The concept of externality is crucial to the often awkward attempts of economics to analyse human relationships with the non-human world. Pollution, biodiversity loss, soil degradation and ocean acidification are all defined as externalities – negative environmental outcomes of quite rational market behaviour. The solution, we are told, is straightforward: internalise the cost of the externality. If we get the prices right – by including the costs to society of poisoned groundwater, for example – the market will send the right signals, the incentives will align themselves and the externality will disappear.
This is the idea behind carbon pricing as a way to mitigate climate change. Regulators can use either taxes or markets in scarce emissions permits (‘cap and trade’) to create conditions in which the cost of emitting greenhouse gases reflects the actual costs it imposes on society. According to this way of thinking, the problem lies not with the market, or capitalism, or growth, and doesn’t necessitate radical change; it’s just a hiccup in the price mechanism. This, in a nutshell, is Nordhaus’s argument in The Spirit of Green. He also provides brief, superficial and cherry-picked overviews of ‘green’ ethics, political theory and politics, but the book engages with only a tiny sample of the ideas in these fields. It refers almost exclusively to the work of Nordhaus’s white male Ivy League colleagues and spends nearly as much time on plans to settle other planets as it does on political theory and politics combined. Ultimately, his point is simply that if we fix the price distortions caused by externalities, we can be as David to Goliath without really changing anything. Probably.
Credit where it’s due: Nordhaus was one of the first among his peers to name the climate colossus. It has taken more than forty years for the rest of the business community, and the elite economists and financial media that defend its interests, to do as much. Now even the global economy’s core institutions fret openly, and some of them seem more worried than Nordhaus. Until recently the International Monetary Fund had stuck closely to his non-alarmist rules of thumb: markets are the best and most efficient means of addressing climate change, and carbon pricing is the key (but it should be introduced and increased gradually, to minimise shocks to the economy). In September 2019, however, the IMF published a working paper that acknowledged the ‘growing agreement between economists and scientists that the tail risks are material and the risk of catastrophic and irreversible disaster is rising, implying potentially infinite costs of unmitigated climate change, including, in the extreme, human extinction’.

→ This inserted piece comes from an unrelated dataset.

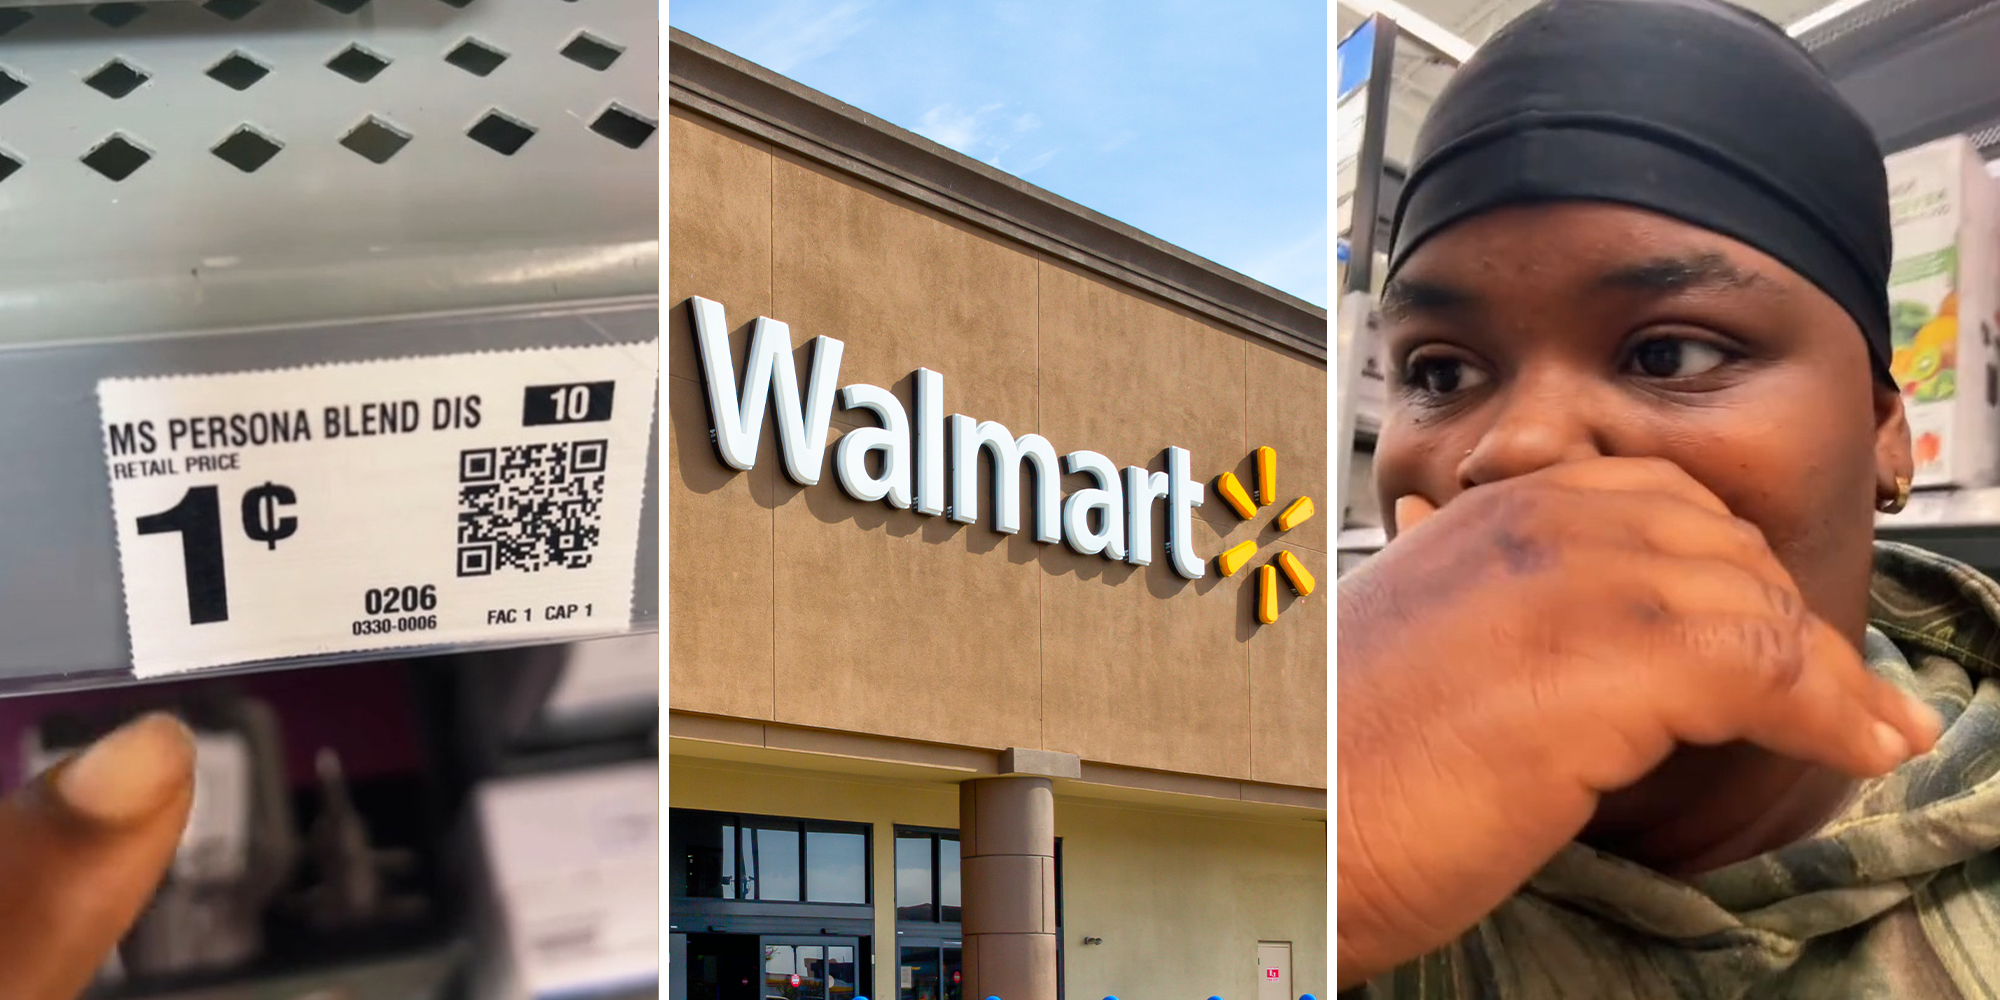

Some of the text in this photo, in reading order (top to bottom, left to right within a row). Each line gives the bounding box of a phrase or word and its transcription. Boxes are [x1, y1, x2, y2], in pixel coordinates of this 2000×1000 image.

According to Nordhaus, climate action will always involve trade-offs and we need to assess the anticipated costs and benefits rationally. His own assessment is that in light of those trade-offs we should settle for an average global temperature increase of 3.5°C above pre-industrial levels (in contrast to the Paris Agreement’s commitment to a limit of 1.5°C). But the IMF’s recent pronouncements reflect a more general change of pitch: cost-benefit analyses hardly seem appropriate when we are considering the possibility of human extinction. The less unlikely we consider catastrophic outcomes to be, the harder it is to argue that trade-offs are reasonable: any cost now is preferable to infinite costs later, let alone extinction.

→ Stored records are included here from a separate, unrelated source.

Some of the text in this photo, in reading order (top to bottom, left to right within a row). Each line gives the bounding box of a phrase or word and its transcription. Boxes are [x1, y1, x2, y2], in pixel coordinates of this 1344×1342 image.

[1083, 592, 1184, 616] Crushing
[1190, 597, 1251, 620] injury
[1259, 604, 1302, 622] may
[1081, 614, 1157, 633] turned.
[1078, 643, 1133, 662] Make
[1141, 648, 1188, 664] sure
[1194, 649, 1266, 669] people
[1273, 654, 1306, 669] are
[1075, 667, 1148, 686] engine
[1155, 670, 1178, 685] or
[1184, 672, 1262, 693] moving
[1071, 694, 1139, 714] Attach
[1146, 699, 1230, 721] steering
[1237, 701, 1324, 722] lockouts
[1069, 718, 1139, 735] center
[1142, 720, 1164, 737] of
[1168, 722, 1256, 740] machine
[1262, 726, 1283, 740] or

Economists ‘set themselves too easy, too useless a task’, Keynes said, ‘if in tempestuous seasons they can only tell us that when the storm is long past the ocean is flat again’. But in the face of climate change, the long run – which remains the sacred temporality of economics – is a misleading guide not only to current affairs, but to the long run itself. There is no reason to expect the ocean to flatten again; we may be in for a permanent storm. The idea of eventual equilibrium belittles present crises by figuring them as mere bumps in the long arc of history, but even the promise that we might one day reach equilibrium now appears hollow.

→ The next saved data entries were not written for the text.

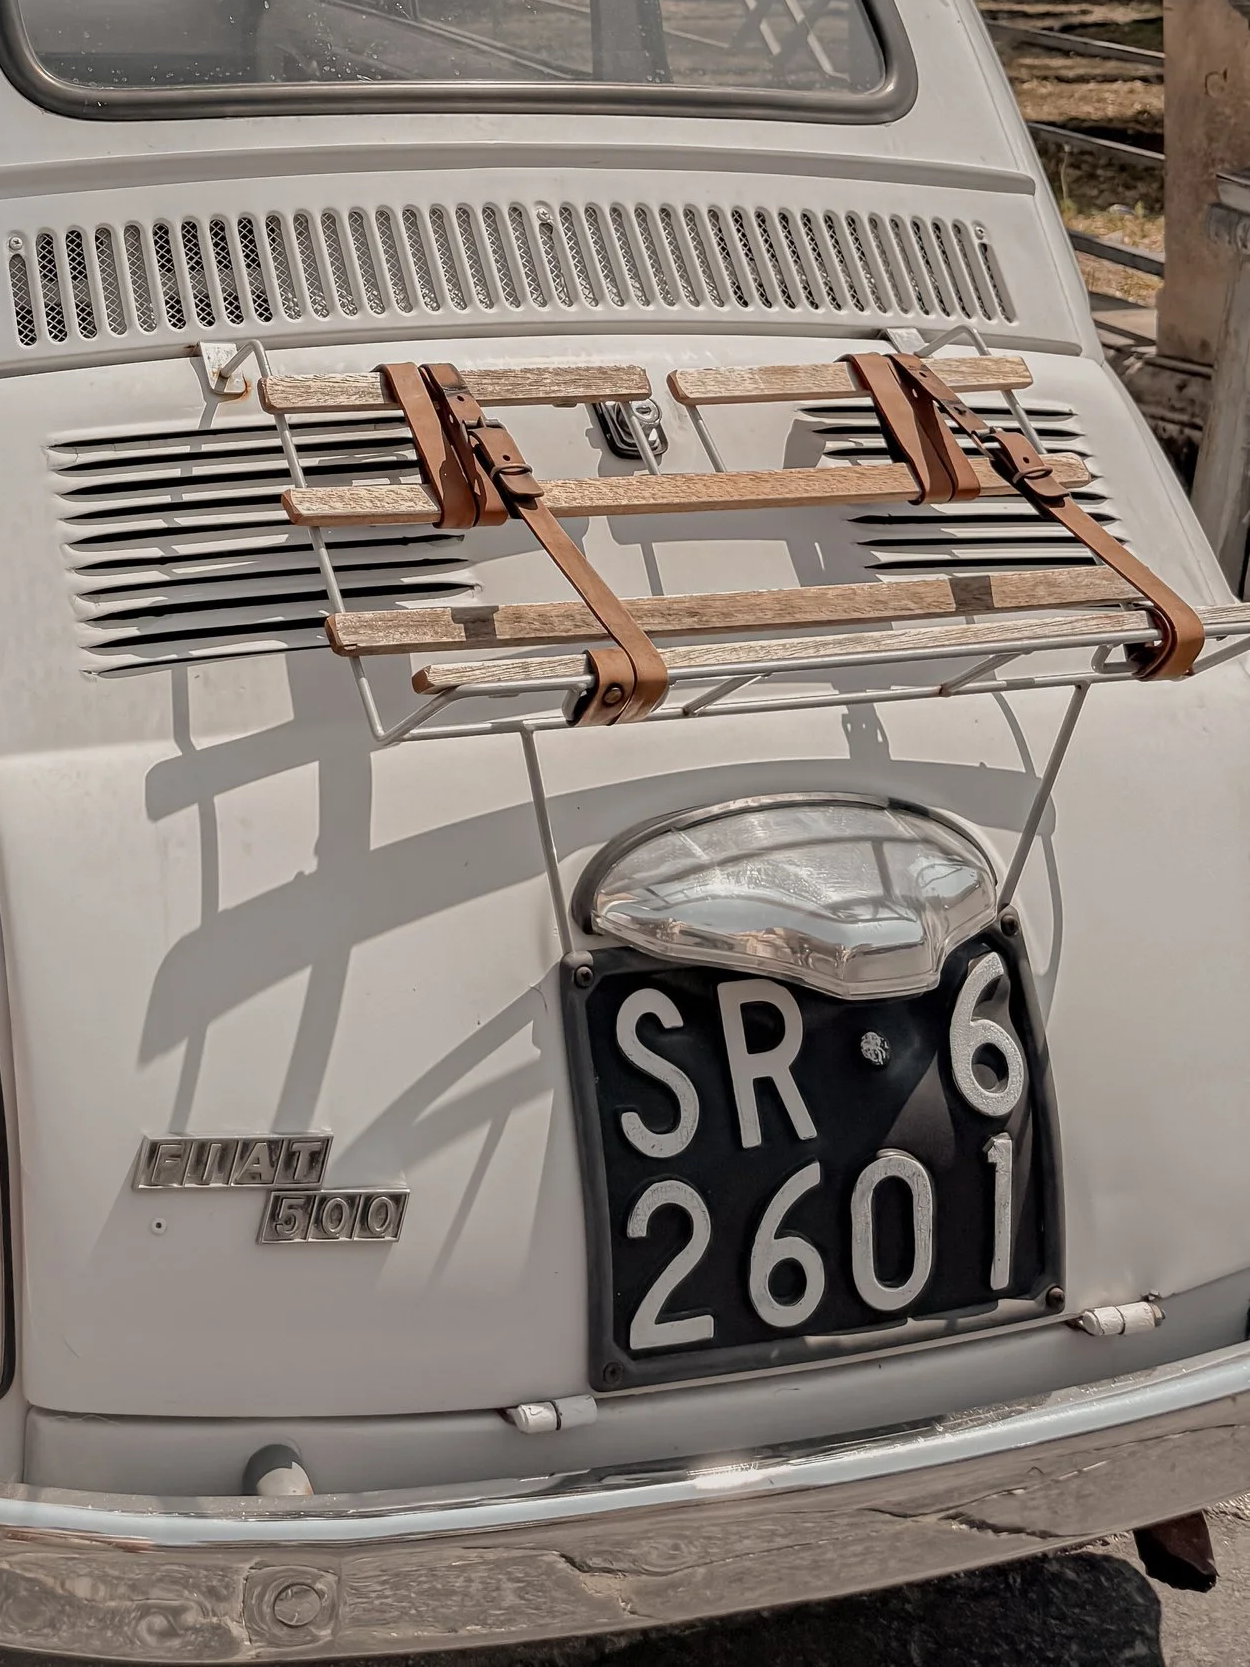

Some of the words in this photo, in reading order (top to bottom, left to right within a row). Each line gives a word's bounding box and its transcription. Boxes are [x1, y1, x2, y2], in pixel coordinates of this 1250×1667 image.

[616, 979, 818, 1158] SR
[950, 951, 1024, 1117] 6
[150, 1141, 323, 1184] FIAT
[274, 1195, 396, 1234] 500
[626, 1133, 1013, 1351] 2601

Nordhaus has spent his career building a climate economics for the rose-tinted long run, developing and refining his version of the workhorse of climate economics, the ‘integrated assessment model’. The point of an IAM is to combine a climate model with a growth model – connected by a ‘damages function’ – to determine the ‘social cost of carbon’. The SCC is a measure of the discounted cost of future damages (we’ll come back to this) associated with carbon emissions in the present, meaning that, in theory at least, it is the optimal carbon tax: if we can force emitters to pay the cost of future damages now, we can tame Goliath.
In the eyes of Nordhaus’s many critics, part of the problem with climate economics is the disproportionate influence he and his IAM have exerted on subsequent efforts to design models and solutions for climate change. IAMs are the basis for pretty much all carbon abatement and taxation policy, yet they confine their economic analysis to a narrow range of futures in which the world remains the same while global temperatures slowly ratchet up. Many of their assumptions – consistent long-term growth rates, for example – are not guaranteed, or even that credible. The Dynamic Integrated Climate-Economy model, which Nordhaus and his team have been working on since the early 1990s, has become the benchmark IAM. Most conversations about climate-economy modelling begin with DICE, and anything that deviates from it must be justified. The 2006 Stern Report, for example, which uses an alternative IAM, expends a good deal of energy justifying its non-Nordhausian choices.
We know that Nordhaus’s cost-benefit models, for reasons technical and political, massively underestimate the scale and scope of the economic impacts of climate change. Because their conception of the future is a gradually warming version of today, with little impact on long-run growth, they conclude that global warming is best treated as a change in the cost structure associated with shifting temperatures: capitalism plus wind turbines. Even the loss of the Greenland icesheet is reluctantly monetised as just one more factor in the social cost of carbon for a set of ‘normal’ political-economic institutions that will somehow persist, no matter how high the seas or how parched the soils. This thinking is intrinsic to much mainstream climate economics. Whatever Nordhaus’s intentions, DICE has functioned as a technical expression of climate policy in the age of ‘new denialism’: we go through the motions of confronting the problem and by doing so justify the deferral of systemic overhaul.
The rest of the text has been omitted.